Sprint: Sharding 18 (08/05/16), Sharding 2016-08-29
Participants:
Case:

 Description   

This ticket is to improve the sharding handling of very stale secondary config servers (although it would apply to shards as well). The proposed solution is for the isMaster response to include the latest optime it has replicated to, so that the replica set monitor, in addition to selecting 'nearer' hosts will also prefer those with most recent optimes.

This problem is also present in the case of fsyncLocked secondaries. It seems that mongos is unable to work properly if one of the config servers (RS) secondaries is locked with db.fsyncLock(). I have tried running some write concern / read concern operations directly on the replica set while a secondary is locked that way and found no problem. Thus it must be the problem of the mongos alone.



 Comments   
Comment by Ramon Fernandez Marina [ 14/Apr/17 ]

venkata.surapaneni@elastica.co, this ticket has not been considered for backporting to v3.2. If this is an issue for you I'd suggest you consider an upgrade to MongoDB 3.4, which does contain a fix for this problem.

Comment by VenkataRamaRao Surapaneni [ 13/Apr/17 ]

Is this issue fixed in 3.2.12 release?

Comment by Pooja Gupta (Inactive) [ 03/Apr/17 ]

misha.tyulenev I believe this fix has been included in MongoDB 3.4. Is it backported to version 3.2 as well?

Comment by Githook User [ 09/Aug/16 ]

Author:

{u'username': u'mikety', u'name': u'Misha Tyulenev', u'email': u'misha@mongodb.com'}

Message: SERVER-22620 prefer config servers with recent opTime
Branch: master
https://github.com/mongodb/mongo/commit/4c6009e67d3e503f796b5afcbcbeaa95eba80b44

Comment by Kaloian Manassiev [ 18/Feb/16 ]

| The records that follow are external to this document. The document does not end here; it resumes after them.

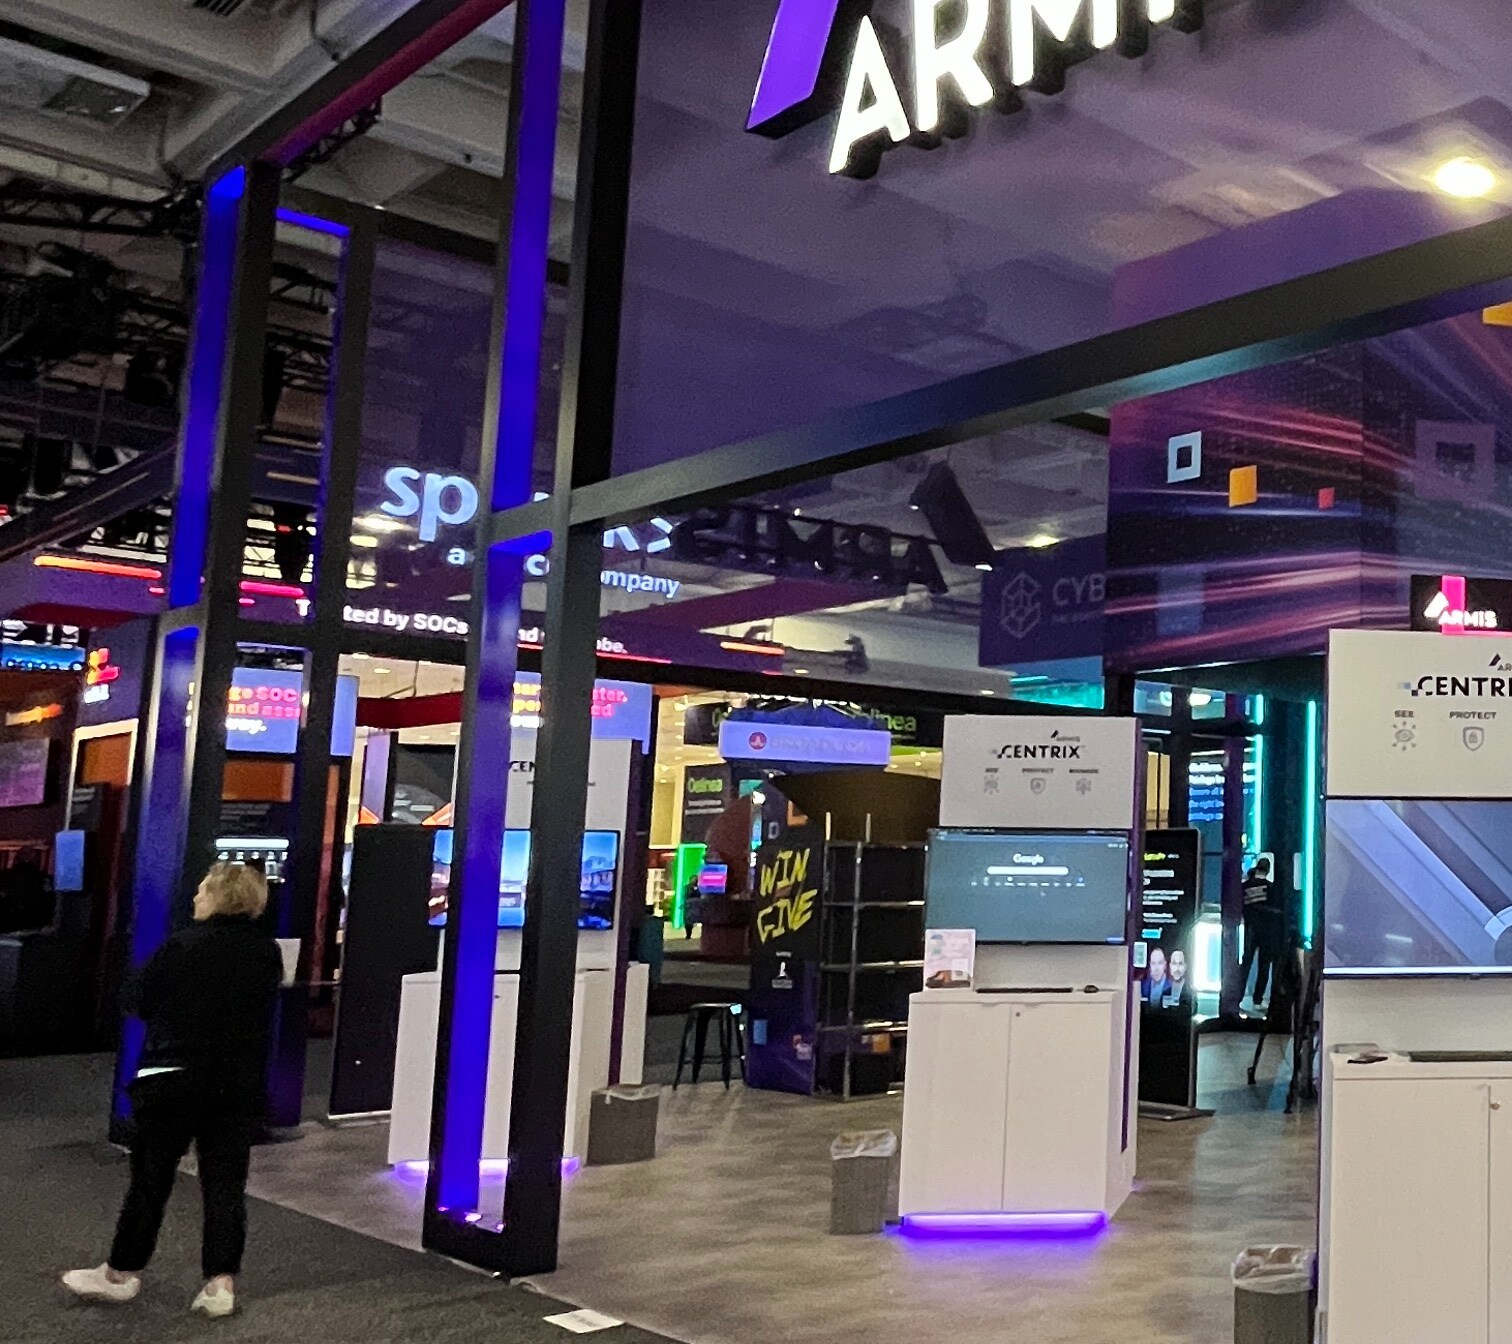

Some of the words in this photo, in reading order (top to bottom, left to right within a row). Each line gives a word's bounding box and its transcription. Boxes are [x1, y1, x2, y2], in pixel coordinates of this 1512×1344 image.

[382, 609, 409, 631] by
[413, 612, 469, 635] SOCs
[1438, 610, 1499, 628] ARMIS
[1448, 710, 1498, 721] PROTECT
[999, 744, 1081, 760] CENTRIX
[759, 847, 812, 898] WIN
[756, 888, 819, 944] GIVE

I am re-purposing this ticket to cover our handling of very stale secondary config servers (although it would apply to shards as well). The proposed solution is for the isMaster response to include the latest optime it has replicated to, so that the replica set monitor, in addition to selecting 'nearer' hosts will also prefer those with most recent optimes.

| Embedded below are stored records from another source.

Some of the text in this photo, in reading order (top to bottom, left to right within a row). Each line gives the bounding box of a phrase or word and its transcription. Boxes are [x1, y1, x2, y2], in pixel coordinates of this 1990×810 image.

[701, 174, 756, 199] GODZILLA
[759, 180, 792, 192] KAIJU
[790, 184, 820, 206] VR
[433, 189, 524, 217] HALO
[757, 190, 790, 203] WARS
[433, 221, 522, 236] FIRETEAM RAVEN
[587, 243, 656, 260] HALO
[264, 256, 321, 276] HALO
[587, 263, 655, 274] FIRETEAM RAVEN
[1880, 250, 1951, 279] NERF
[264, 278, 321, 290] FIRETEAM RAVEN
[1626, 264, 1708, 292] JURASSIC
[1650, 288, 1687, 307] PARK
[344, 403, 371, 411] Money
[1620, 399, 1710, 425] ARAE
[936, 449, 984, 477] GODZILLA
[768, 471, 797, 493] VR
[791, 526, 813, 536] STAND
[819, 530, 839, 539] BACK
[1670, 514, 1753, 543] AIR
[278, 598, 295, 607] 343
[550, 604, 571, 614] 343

Comment by Kaloian Manassiev [ 16/Feb/16 ]

At the very least we should make the ShardRegistry mark hosts where the operations timeout as faulty. This will ensure that on a second attempt of the operation, the fsync locked host will not be contacted again.

However, what Matt suggests is a better solution, even though it's more involved. We can return FailedToSatisfyReadPreference if the read concern is not satisfied, just before we begin waiting in replication_coordinator_impl.cpp.

Comment by Matt Dannenberg [ 16/Feb/16 ]

I believe what is happening here is the mongos is contacting the locked secondary and that node is unable to satisfy the read concern and respond. Ideally the mongos (or another driver) would know the secondary is fsync-locked and not attempt to contact it. Maybe return an error (NotMasterOrSecondary? a new fsync one?) if queried with readConcern: majority while fsync-locked. Maybe fall into a new replSet state indicating the node is fsync-locked and should not be contacted in the first place.